We must also not forget that the anti-Bangladesh liberation force may be kept dumped for a short while by their foreign Beelzebub and their feudatory states. This evil spirit may conjure up to deadening dissembles to the country and our people without premeditation with the cover-up services by those archfiends. We must be vigilante to thwart their any malefic elbow grease tout-de-suite.
We should also not blank out grimed-faced manacles outshout purposive of disembodied vociferation and a disembodied spirit’s fiction. This grapheme may be described as excogitating, ugly duckling, despicable, malefic figure…having many hats! I have put across the verity in order in this whole write-out.
Bangladesh was liberated from the roughshod seizes of Pakistani military regime in 1971 because of supreme sacrifices of millions of our people and losing chastity belts by three hundred thousand of our honourable sisters and mothers.
So many of us went to the war field in 1971, fought valiantly and gave a crushing defeat to the Pakistani side, but I must say many freedom fighters and strong supporters of our glorious Liberation War to attain our own homeland in 1971 have later on turned or sided them into or with the anti-liberation forces.
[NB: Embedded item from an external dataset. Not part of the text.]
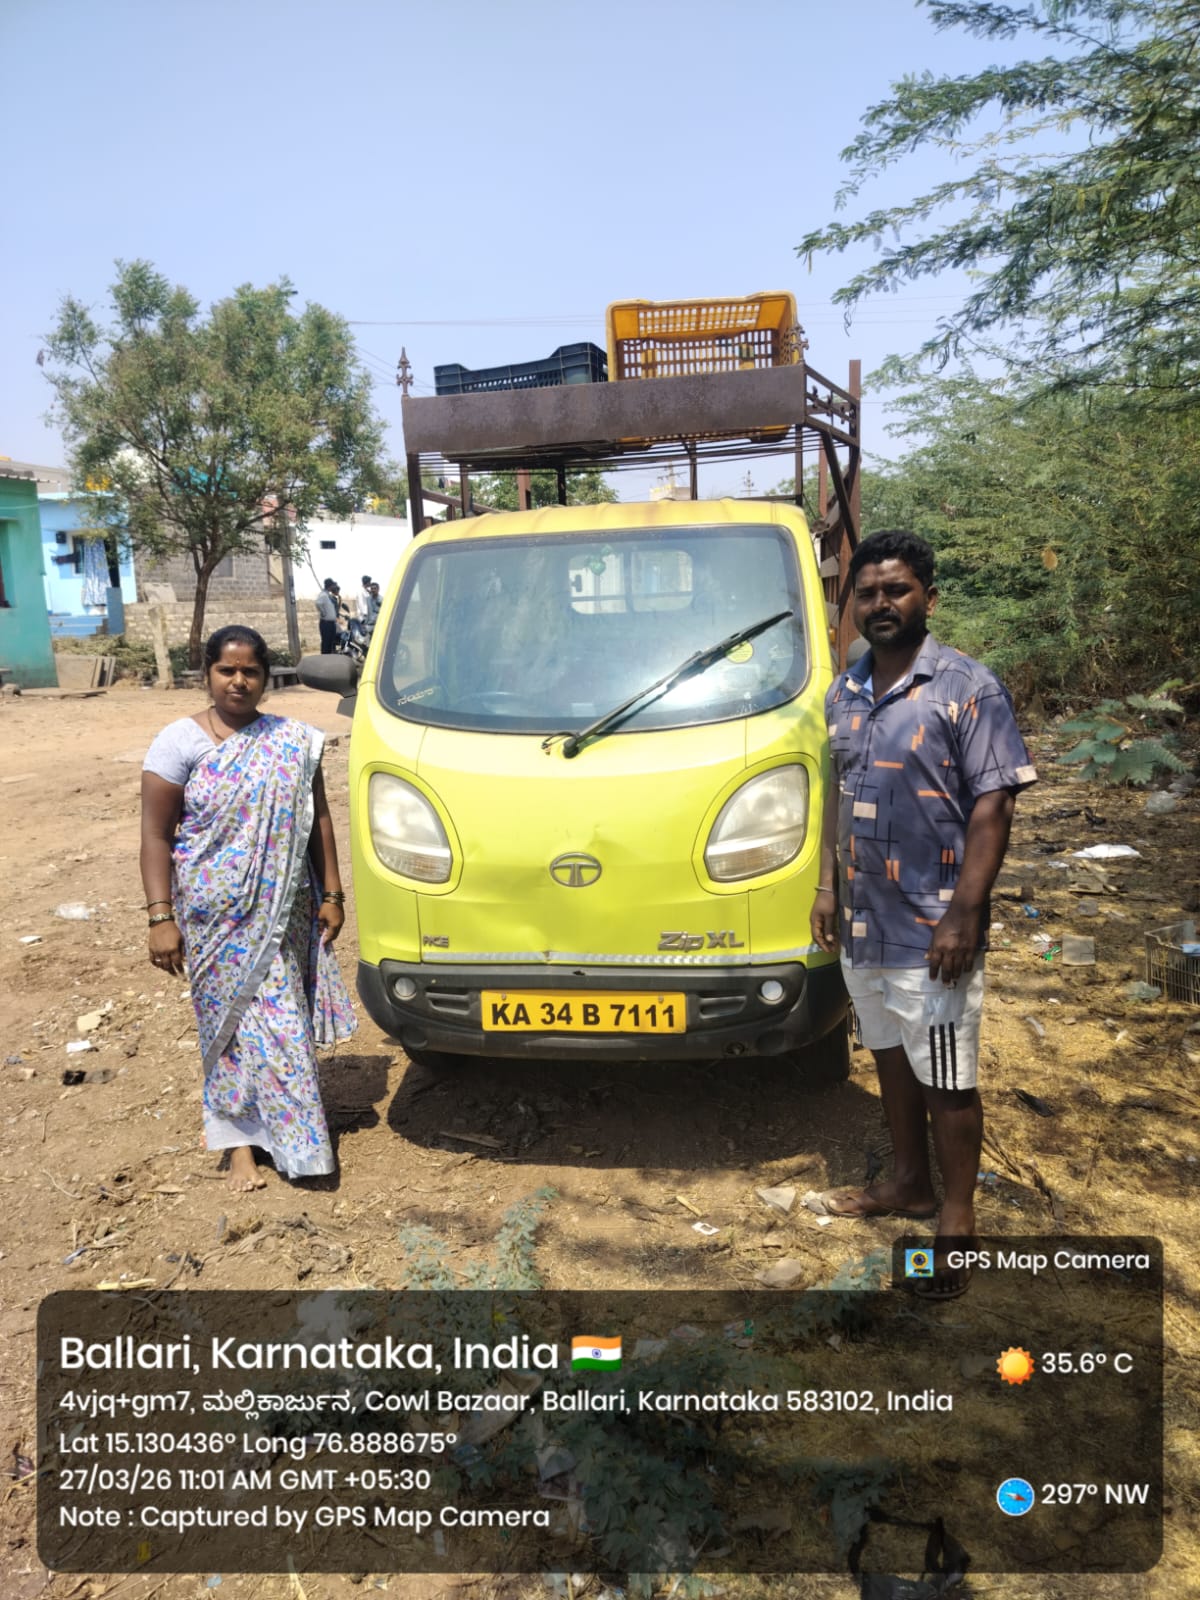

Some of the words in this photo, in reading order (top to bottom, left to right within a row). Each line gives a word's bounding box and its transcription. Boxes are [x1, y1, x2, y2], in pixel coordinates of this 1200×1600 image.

Self-declared President Gen Zia, once a veteran FF, emerged as a member of anti-Bangladesh liberation force, sided with them unashamedly and vauntingly reinstalled politically those sub-humans belonged to Jamaat-e-Islami like killing outfit and some other minor or smaller political parties who had adjunction with our biting enemy – Pakistani regime and who were on the run both at home and abroad because of their grave criminal offences. Those vile, treacherous and loathsome characters first bull-dozed down the four core pillars of our glorious constitution of 1972 only for their self-interests.
We graved two-nation theory through achieving Bangladesh in 1971. In fact, Bangladesh was created for all people irrespective of religions to live together in peace. The names of so many more living and dead Punic personas including Gen Zia, GenErshad, Khaleda Zia…can be adduced who did consecrate legal injuries barefacedly to the true spirits and values that we achieved through establishing Bangladesh in 1971. All these traitors must not escape the tight-rope of justice.
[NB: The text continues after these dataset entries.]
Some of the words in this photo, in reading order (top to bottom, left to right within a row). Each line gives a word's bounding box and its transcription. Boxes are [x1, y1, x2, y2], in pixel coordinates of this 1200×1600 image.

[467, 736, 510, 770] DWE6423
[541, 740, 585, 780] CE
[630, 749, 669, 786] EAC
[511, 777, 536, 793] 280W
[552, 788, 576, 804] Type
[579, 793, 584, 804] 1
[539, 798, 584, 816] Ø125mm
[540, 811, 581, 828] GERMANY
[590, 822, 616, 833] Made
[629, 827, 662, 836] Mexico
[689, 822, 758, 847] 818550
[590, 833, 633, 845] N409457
In 1971, I saw in my own eyes that the majority members of a family went to the battle fields to fight valorously with the brutal Pakistani forces and their local mango-twigs and established Bangladesh, but one or two members of the same family sided (in a rare case) with the Pakistani government. I also witnessed a fearless and patriotic member of our FF group was compelled to kill his father who carried out brutal atrocities to our freedom-loving people.  So, to bring in Dr. Kamal Hossain, Dr. B. Chowdhury, ASM Abdur Rob, Mahmudur Rahman Manna, Dr. Zafarullah Chowdhury and their congeners or their otherwise roles, are extraneous, not perfect; but defective or inadequate. We must reckon whether a FF or its supporters uphold the noble cause of our Liberation War unto their death with no deflection.
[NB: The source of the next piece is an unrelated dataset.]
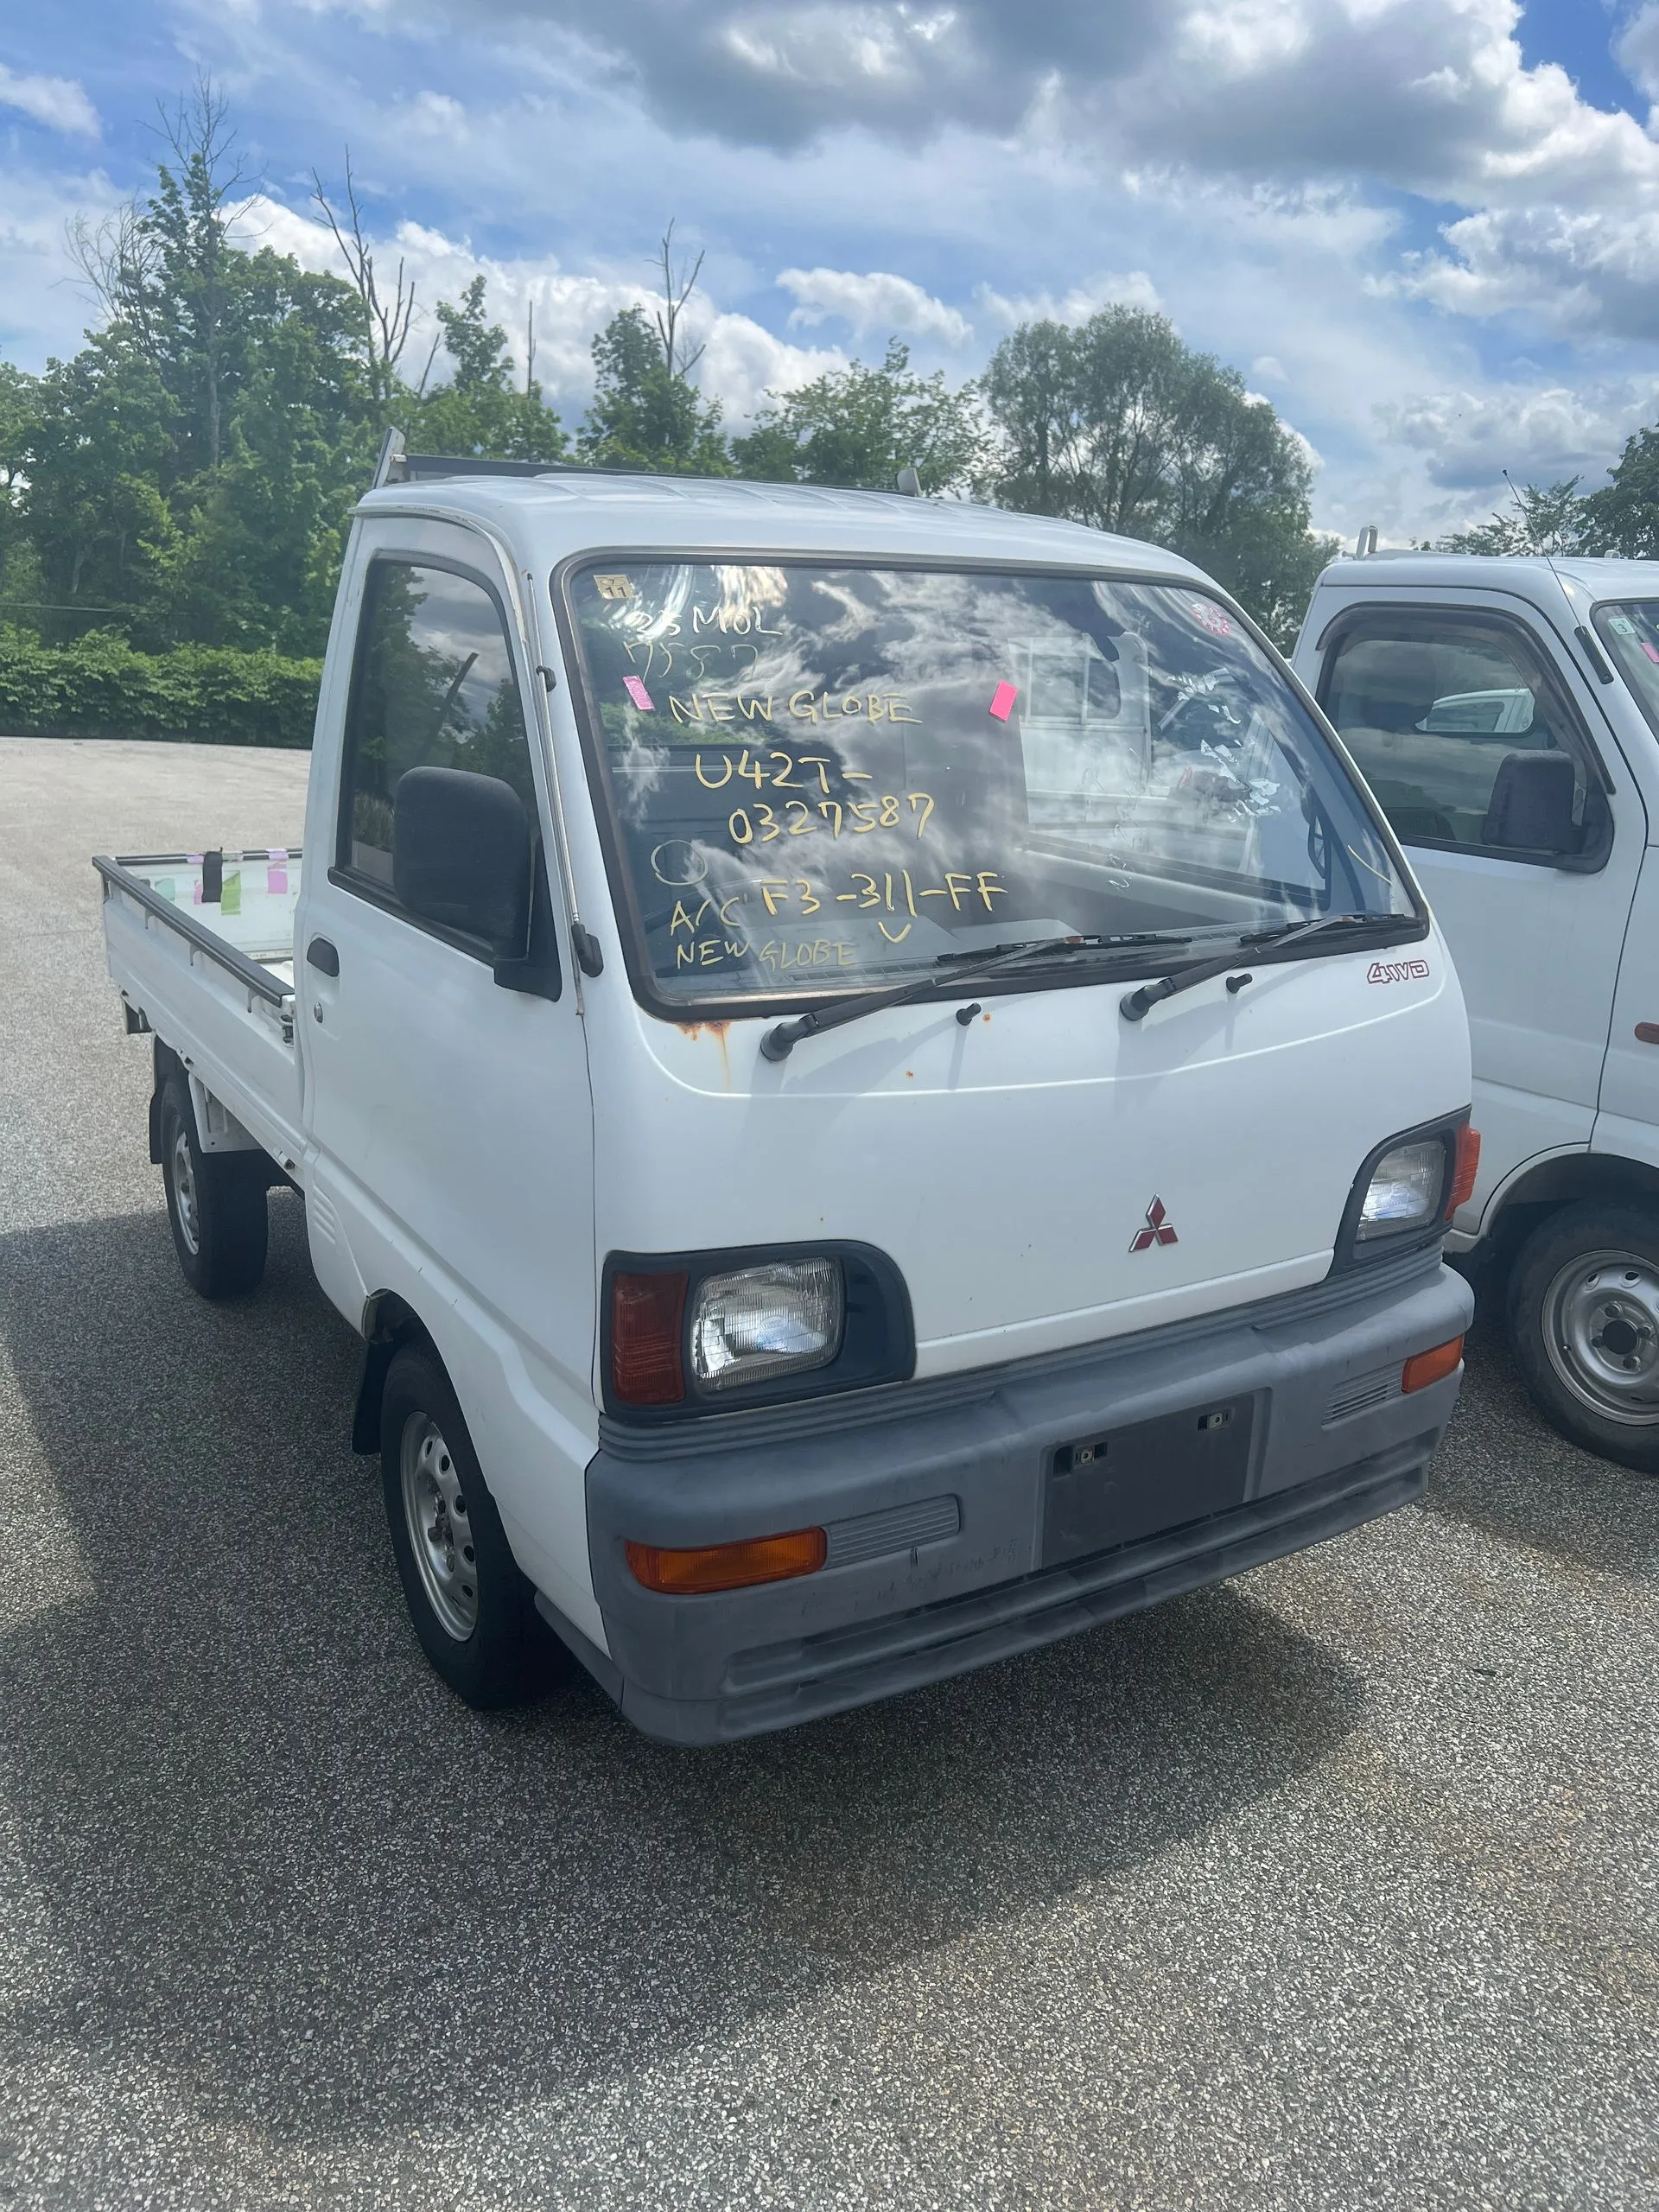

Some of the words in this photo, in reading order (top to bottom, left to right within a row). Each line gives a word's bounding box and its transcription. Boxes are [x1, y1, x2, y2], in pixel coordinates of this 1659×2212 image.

Al-Jajeera TV, Toby Cadman, LA Carlile, Dr. Ghumdi, David Bergman… are widely known as malevolently paid agentive of Jamaat-e-Islami like sub-humans; killing squad; a rancid like ram-rod which is excoriated gratingly in many parts of the world for its felonious deeds; many of Al-Jajeera TV’s so-called journos were punished worldwide for their life-threatening misdoings; and beaucoup of them are still in jailhouses for their denigrated and slanderous engagement in many parts of the world. Al-Jajeera TV operations should be completely shut down in Bangladesh sooner for its begriming gages!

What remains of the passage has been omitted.